T Ü R K İ Y E ' N İ N    B İ R İ K İ M İ
Y A Z A R L A R 8 ARALIK 2005 PERŞEMBE
  Ana Sayfa
  Gündem
  Politika
  Ekonomi
  Dünya
  Aktüel
  Spor
  Yazarlar
  Televizyon
  Sağlık
  Bugünkü Yeni Şafak
 
  657'liler Ailesi
  Bilişim
  Çalışanın Sesi
  Diziler
  Düşünce Gündemi
  Hayat
  Kültür-Sanat
  Nar-ı Beyza
  Okur Sözcüsü
  Röportaj
  Sinema
  Yemek
  Zamanda Yolculuk
 
  Bize Yazın
  Abone Formu
  Temsilcilikler
  Reklam
  Künye
 
  Arşiv

  Yeni Şafak'ta Ara
 

Ali BAYRAMOĞLU

Anahtar 'Yusuf Yaşar'da

Yusuf Yaşar olayının Şemdinli'de ortaya çıkan "derin pisliğin" kilit noktalarından biri olduğunu iddia etmek abartılı değildir.

İki nedenle...

Bir… Şemdinli'deki patlamanın failleriyle, Yusuf Yaşar'ın öldürülmesinde rol oynayan kişilerinin aynı mekanizmanın parçası olduğuna dair bulgu ve şüpheler kuvvetlidir.
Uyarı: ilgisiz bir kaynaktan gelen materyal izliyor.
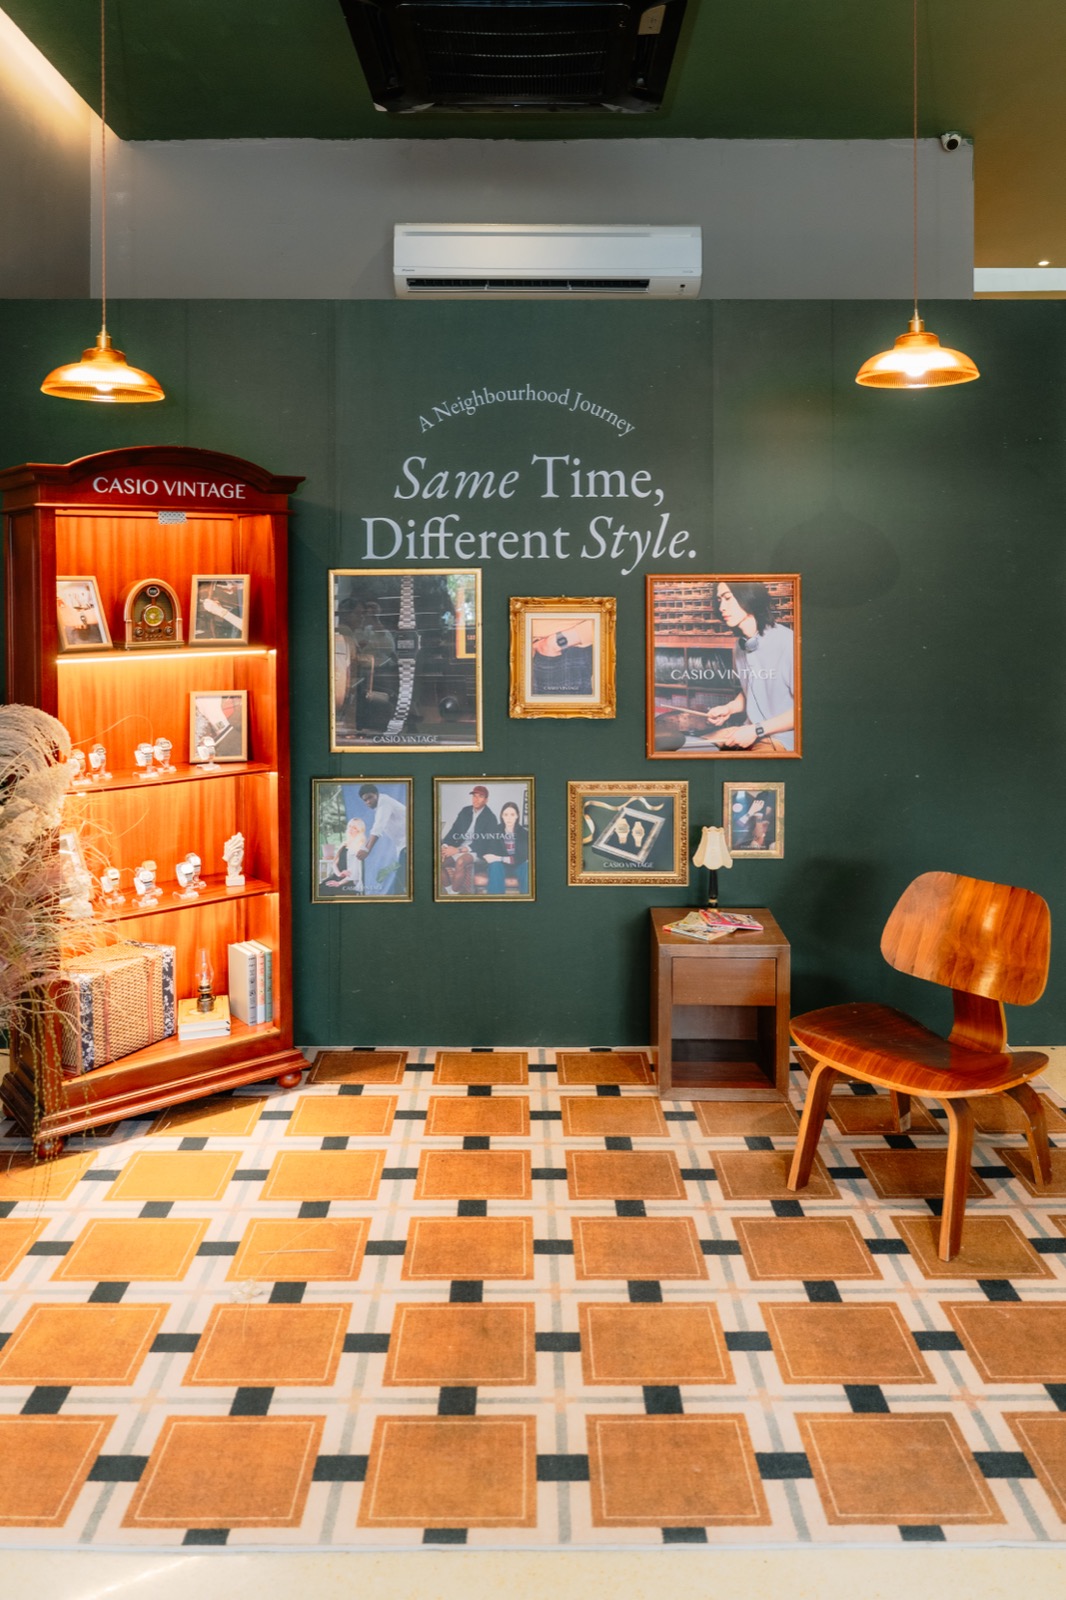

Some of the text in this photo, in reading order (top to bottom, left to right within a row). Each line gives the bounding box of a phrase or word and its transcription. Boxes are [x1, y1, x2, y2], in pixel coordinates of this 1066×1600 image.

[418, 384, 635, 437] A Neighbourhood Journey
[93, 476, 246, 499] CASIO VINTAGE
[394, 454, 664, 507] Same Time,
[360, 513, 696, 575] Different Style.
[670, 669, 776, 680] CASIO VINTAGE
[373, 735, 438, 743] CASIO VINTAGE
[452, 832, 517, 840] CASIO VINTAGE
İki... Yeniden başlayan soruşturma sonucunda bu olayın bir faili meçhul olduğu kanıtlanırsa, Yusuf Yaşar'ın hangi amaçla öldürüldüğü de ortaya çıkacaktır. Bu önemlidir. Zira asıl soru şudur: Bu hadise ile temmuz sonu ağustos başı arasında 7 askerin ölümüyle sonuçlanan saldırılar arasında bir sebep-sonuç, etki-tepki ilişkisi var mıdır?

Eğer öyleyse, ki bizim kanımız budur, işin kalbine yaklaşılır:

Bölge halkını, istikrarı, değişim iklimini hedef alan devlet içindeki gayri meşru bir yeniden örgütlenme tüm pisliğiyle ortaya çıkar. Yusuf Yaşar olayı, son iki ay içinde kaçtığı için ya da çatışmadan dolayı tanıksız ve yalnız başlarına öldürülen diğer 10 kişinin dosyasını da gündeme getirir.
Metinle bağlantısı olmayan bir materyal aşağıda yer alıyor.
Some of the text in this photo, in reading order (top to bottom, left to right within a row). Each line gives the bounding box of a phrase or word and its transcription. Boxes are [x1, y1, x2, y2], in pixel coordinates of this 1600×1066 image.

Hakkari ve Şemdinli gezisinde zamanımızı Yusuf Yaşar olayına bu nedenle hasrettik. Tanıkları ve ahaliyi dinledik. Yusuf'un kardeşi Kamil'le, yakın arkadaşlarıyla görüştük. Konuyla ilgili insan hakları örgütlerinin raporlarını inceledik. Tutanakları ve otopsi raporunu gözden geçirdik...

Bu görüşme ve belgeler yukarıdaki şüphe ve sorulara ışık tutacak nitelikte...

Birlikte gözden geçirelim…

TANIKLAR: FAİLİ MEÇHUL CİNAYET

Yusuf'un yakın arkadaşlarından Hakkari Kültür Sanat Merkezi yöneticisi Mikail Attan şunları söylüyor:

"Yusuf Yaşar Hakkari'de sevilen, herhangi bir olaya karışmamış ve halkın dürüst bildiği bir arkadaşımızdı, benim de yakın arkadaşım… O gün Yusuf dayısıyla birlikte oturuyor. Sonra kayboluyor ve öldürülüyor. Ahali bunun yargısız infaz olduğunu biliyor. Bütün halk bayramda bile Yusuf Yaşar'ı mezarlıkta ziyarete gitti...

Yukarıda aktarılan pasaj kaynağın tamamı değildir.